I'm keen to find out in more detail what impact the COVID-19 pandemic has had on the launch of Metso Outotec and the new venture's initial business plans.
Vauramo said: "COVID-19 was initially a shock for everyone, especially to the aggregates business. This was particularly felt in the first four weeks from mid-March to the middle of April. Business has recovered, but we have not reached pre-COVID-19 levels. You could see from looking at Metso machine telematics-generated data that crushing and screening production was down something like 20% between mid-March and around mid-May. This is a time during spring when production normally goes up.
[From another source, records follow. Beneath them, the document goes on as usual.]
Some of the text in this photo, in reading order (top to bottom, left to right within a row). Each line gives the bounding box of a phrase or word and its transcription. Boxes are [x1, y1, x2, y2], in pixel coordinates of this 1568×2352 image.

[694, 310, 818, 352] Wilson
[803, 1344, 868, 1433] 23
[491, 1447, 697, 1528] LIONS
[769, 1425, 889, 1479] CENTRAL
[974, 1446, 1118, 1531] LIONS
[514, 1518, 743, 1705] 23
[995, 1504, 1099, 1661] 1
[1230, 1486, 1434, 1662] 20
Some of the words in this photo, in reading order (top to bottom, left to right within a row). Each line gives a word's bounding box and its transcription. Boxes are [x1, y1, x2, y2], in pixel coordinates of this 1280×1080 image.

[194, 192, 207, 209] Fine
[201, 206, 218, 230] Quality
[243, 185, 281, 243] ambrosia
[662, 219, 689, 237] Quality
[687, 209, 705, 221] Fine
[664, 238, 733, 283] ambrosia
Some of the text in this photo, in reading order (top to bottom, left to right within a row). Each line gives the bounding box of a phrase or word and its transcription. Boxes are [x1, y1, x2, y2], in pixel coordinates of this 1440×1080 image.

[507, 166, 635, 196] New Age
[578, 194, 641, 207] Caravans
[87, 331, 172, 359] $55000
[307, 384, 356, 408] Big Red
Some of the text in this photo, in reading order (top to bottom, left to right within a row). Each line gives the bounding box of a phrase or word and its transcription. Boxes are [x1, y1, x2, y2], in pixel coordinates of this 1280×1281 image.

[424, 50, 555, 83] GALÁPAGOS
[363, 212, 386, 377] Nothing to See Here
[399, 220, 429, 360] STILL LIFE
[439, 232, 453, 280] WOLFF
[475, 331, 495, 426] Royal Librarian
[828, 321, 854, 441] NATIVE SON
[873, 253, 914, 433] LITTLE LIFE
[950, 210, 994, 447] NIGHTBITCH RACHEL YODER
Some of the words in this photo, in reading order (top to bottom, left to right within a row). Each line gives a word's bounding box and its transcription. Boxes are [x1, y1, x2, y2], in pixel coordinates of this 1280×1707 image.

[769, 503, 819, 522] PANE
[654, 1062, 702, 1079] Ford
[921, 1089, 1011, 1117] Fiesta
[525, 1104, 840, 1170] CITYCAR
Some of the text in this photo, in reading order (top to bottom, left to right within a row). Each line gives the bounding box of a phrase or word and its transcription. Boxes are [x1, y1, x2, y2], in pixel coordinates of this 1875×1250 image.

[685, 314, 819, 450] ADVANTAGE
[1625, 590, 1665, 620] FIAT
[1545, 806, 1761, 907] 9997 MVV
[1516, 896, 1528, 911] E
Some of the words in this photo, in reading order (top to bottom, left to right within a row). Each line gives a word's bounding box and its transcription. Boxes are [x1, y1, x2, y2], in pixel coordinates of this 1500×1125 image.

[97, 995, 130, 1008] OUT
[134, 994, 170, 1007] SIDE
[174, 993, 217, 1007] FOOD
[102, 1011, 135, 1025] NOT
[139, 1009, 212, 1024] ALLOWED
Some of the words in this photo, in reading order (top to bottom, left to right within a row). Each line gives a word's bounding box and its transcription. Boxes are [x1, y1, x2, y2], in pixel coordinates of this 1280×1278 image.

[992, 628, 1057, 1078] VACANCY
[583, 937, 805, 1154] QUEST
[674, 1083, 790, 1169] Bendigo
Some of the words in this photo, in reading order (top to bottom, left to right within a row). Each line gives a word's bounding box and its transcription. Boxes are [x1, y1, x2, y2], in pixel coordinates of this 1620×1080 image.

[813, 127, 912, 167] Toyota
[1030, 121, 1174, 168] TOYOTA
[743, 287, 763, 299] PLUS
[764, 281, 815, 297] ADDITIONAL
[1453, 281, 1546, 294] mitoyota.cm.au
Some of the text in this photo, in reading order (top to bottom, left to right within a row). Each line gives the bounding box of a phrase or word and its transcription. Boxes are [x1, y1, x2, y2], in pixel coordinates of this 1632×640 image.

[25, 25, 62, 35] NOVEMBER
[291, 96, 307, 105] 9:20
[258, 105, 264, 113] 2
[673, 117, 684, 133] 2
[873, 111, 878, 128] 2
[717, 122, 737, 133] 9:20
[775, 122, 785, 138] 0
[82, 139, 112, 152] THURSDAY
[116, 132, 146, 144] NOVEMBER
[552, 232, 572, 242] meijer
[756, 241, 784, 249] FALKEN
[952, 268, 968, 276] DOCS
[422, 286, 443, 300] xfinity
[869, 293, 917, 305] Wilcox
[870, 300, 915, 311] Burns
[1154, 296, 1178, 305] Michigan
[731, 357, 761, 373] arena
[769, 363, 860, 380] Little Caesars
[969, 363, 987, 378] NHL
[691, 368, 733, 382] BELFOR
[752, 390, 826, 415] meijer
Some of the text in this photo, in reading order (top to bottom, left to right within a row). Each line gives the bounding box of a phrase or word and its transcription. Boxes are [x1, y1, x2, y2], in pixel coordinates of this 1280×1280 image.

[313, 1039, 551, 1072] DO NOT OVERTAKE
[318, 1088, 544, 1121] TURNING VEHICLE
"The integration work around the launch of Metso Outotec has been done remotely. We were already very used to holding online virtual meetings, but COVID-19 has brought forward the business case for remote working. For example, as a result of the pandemic, we are developing an app around technical plant support which we are currently piloting with certain customers."
Simula is excited about the post-COVID-19 pandemic commercial opportunities for Metso and the rest of its aggregates sector brand range. "China has recovered extremely fast from COVID-19. Aggregates sector demand bounced back quickly and is at an even higher level than pre-COVID 19. There are a lot of big projects ongoing, such as the China Belt and Road Initiative.
"I think the rest of Asia will also recover pretty quickly from COVID-19. There is a tremendous amount of opportunities for us in China, India and the rest of Asia going forward."
Commenting on some of the other major global aggregates markets, he added: "The U.S. market is opening up again, and I think the U.S. and European government moves to speed up the construction industry will help us regain market volumes. How quickly this takes effect, we will have to see. South America is likely to be the last region to recover from COVID-19. Saying that, it has not been quite as bad for us there as some mining and aggregates activities are continuing."
I am keen to conclude the hour-long joint interview by finding out more about how Metso Outotec sees the quarry of the future.
"Achieving zero emissions when it comes to aggregates production means everything," stresses Vauramo. "People living in cities and towns near a quarry do not tend to know what is happening inside the quarry gates. Still today, a huge amount of fossil fuels is burnt in operating quarries, and the global quarrying industry needs to move forward in addressing this. A lot has been done about reducing quarry dust, and work is ongoing to reduce production noise. A fully electric-powered quarry site is where we want to get to."